* [Record excerpts]
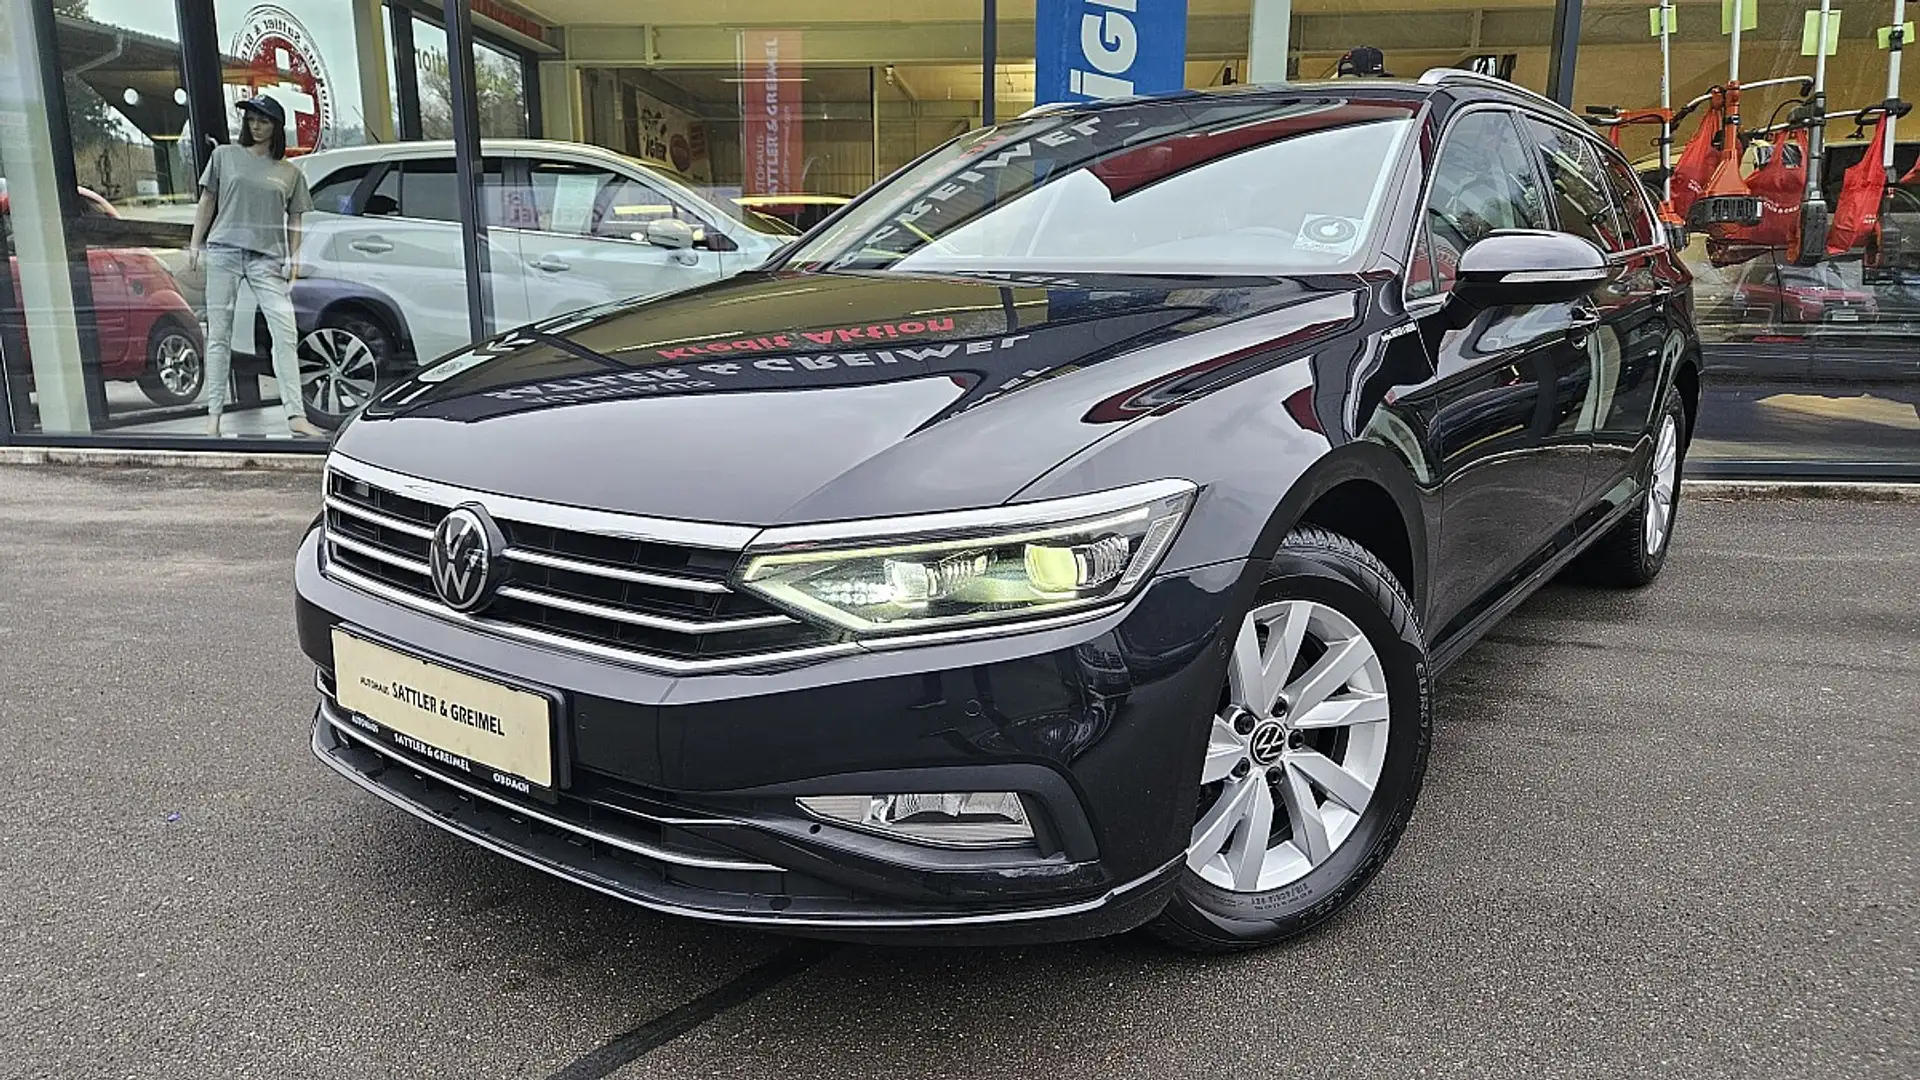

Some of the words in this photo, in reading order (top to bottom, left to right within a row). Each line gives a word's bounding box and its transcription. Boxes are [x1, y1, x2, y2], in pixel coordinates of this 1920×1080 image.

[766, 37, 779, 116] GREIMEL
[766, 118, 779, 132] &
[359, 676, 390, 696] AUTOHAUS
[392, 681, 437, 713] SATTLER
[439, 699, 448, 717] &
[451, 703, 505, 737] GREIMEL
[394, 732, 427, 755] SATTLER
[427, 745, 433, 758] &
[433, 749, 471, 772] GREIMEL
[493, 772, 530, 794] OBDACH
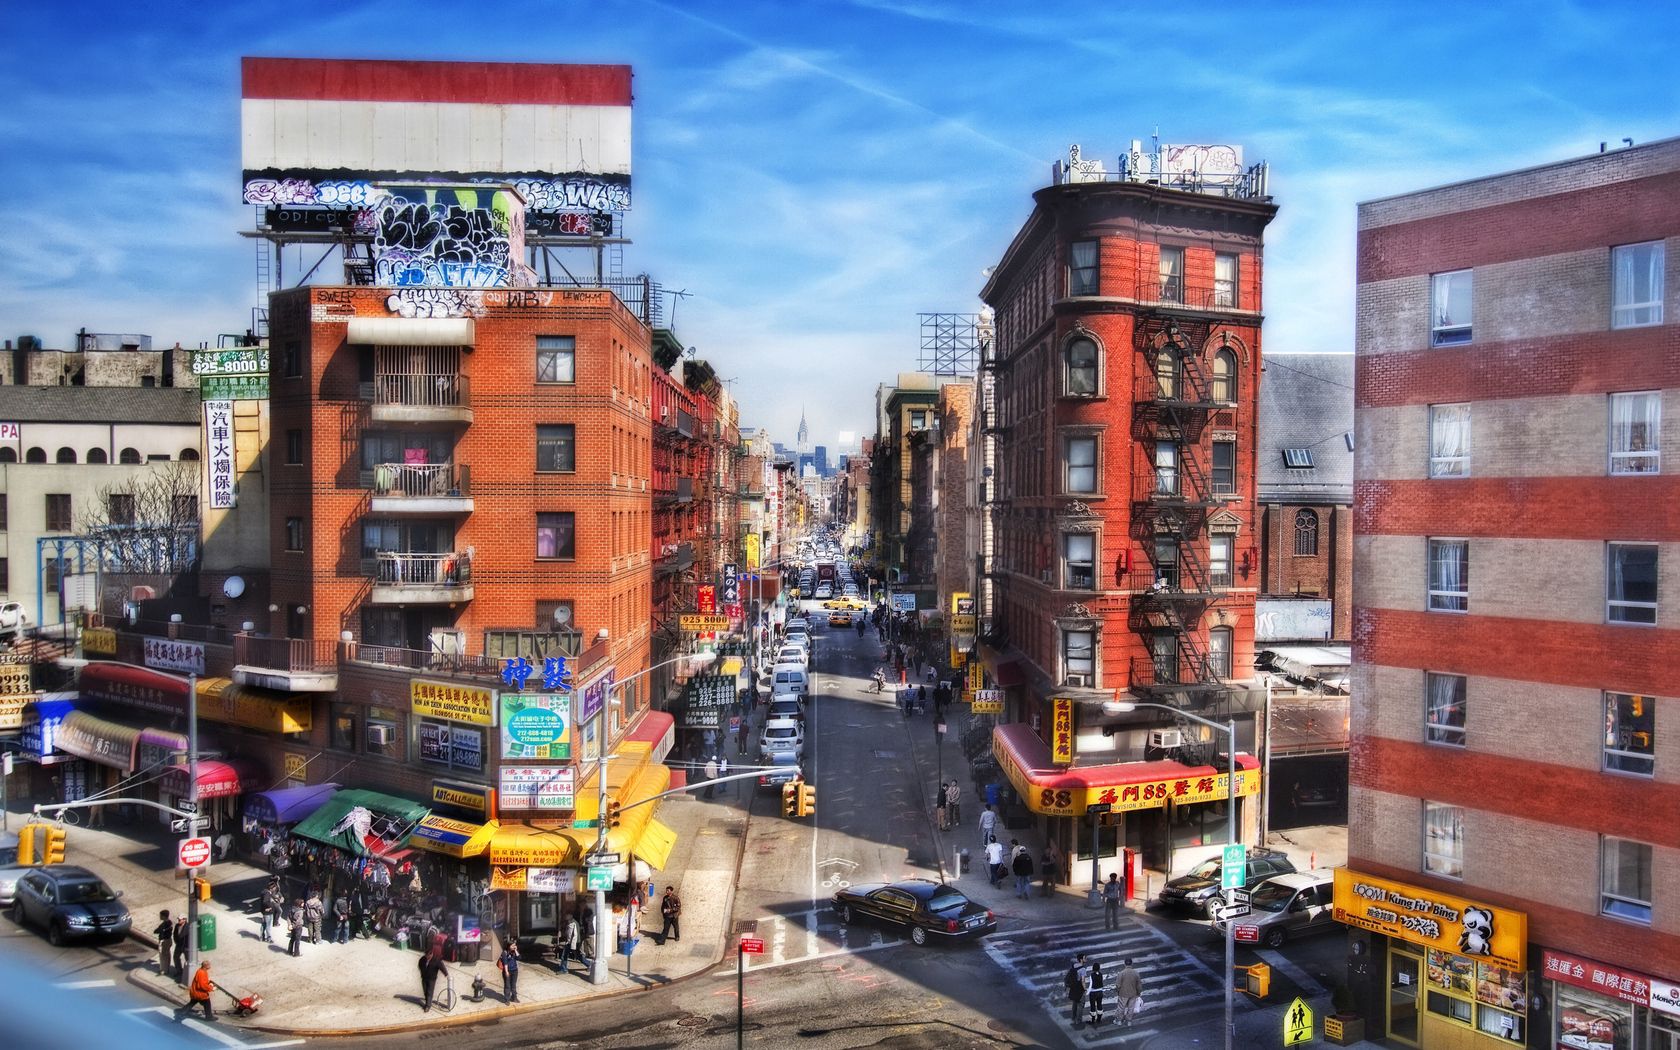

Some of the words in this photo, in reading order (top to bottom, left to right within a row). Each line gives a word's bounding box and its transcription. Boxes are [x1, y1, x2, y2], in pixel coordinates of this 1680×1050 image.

[193, 360, 257, 374] 925-8000
[212, 412, 231, 506] 汽車火燭保險
[683, 616, 701, 624] 925
[704, 616, 727, 624] 8000
[443, 702, 470, 713] ASSOCIATION
[471, 706, 478, 714] OF
[1041, 789, 1072, 808] 88
[1235, 892, 1247, 900] WAY
[1236, 906, 1248, 914] WAY
[1388, 892, 1414, 910] Kung
[1432, 903, 1457, 922] Bing
[1546, 957, 1585, 978] 速匯金
[1592, 969, 1648, 997] 國際匯款

* [Prompt] If a picture appears in the records, omit it and print everything else exactly.

* [Task result]
Some of the words in this photo, in reading order (top to bottom, left to right within a row). Each line gives a word's bounding box and its transcription. Boxes are [x1, y1, x2, y2], in pixel coordinates of this 1920×1080 image.

[766, 37, 779, 116] GREIMEL
[766, 118, 779, 132] &
[359, 676, 390, 696] AUTOHAUS
[392, 681, 437, 713] SATTLER
[439, 699, 448, 717] &
[451, 703, 505, 737] GREIMEL
[394, 732, 427, 755] SATTLER
[427, 745, 433, 758] &
[433, 749, 471, 772] GREIMEL
[493, 772, 530, 794] OBDACH

Some of the words in this photo, in reading order (top to bottom, left to right within a row). Each line gives a word's bounding box and its transcription. Boxes are [x1, y1, x2, y2], in pixel coordinates of this 1680×1050 image.

[193, 360, 257, 374] 925-8000
[212, 412, 231, 506] 汽車火燭保險
[683, 616, 701, 624] 925
[704, 616, 727, 624] 8000
[443, 702, 470, 713] ASSOCIATION
[471, 706, 478, 714] OF
[1041, 789, 1072, 808] 88
[1235, 892, 1247, 900] WAY
[1236, 906, 1248, 914] WAY
[1388, 892, 1414, 910] Kung
[1432, 903, 1457, 922] Bing
[1546, 957, 1585, 978] 速匯金
[1592, 969, 1648, 997] 國際匯款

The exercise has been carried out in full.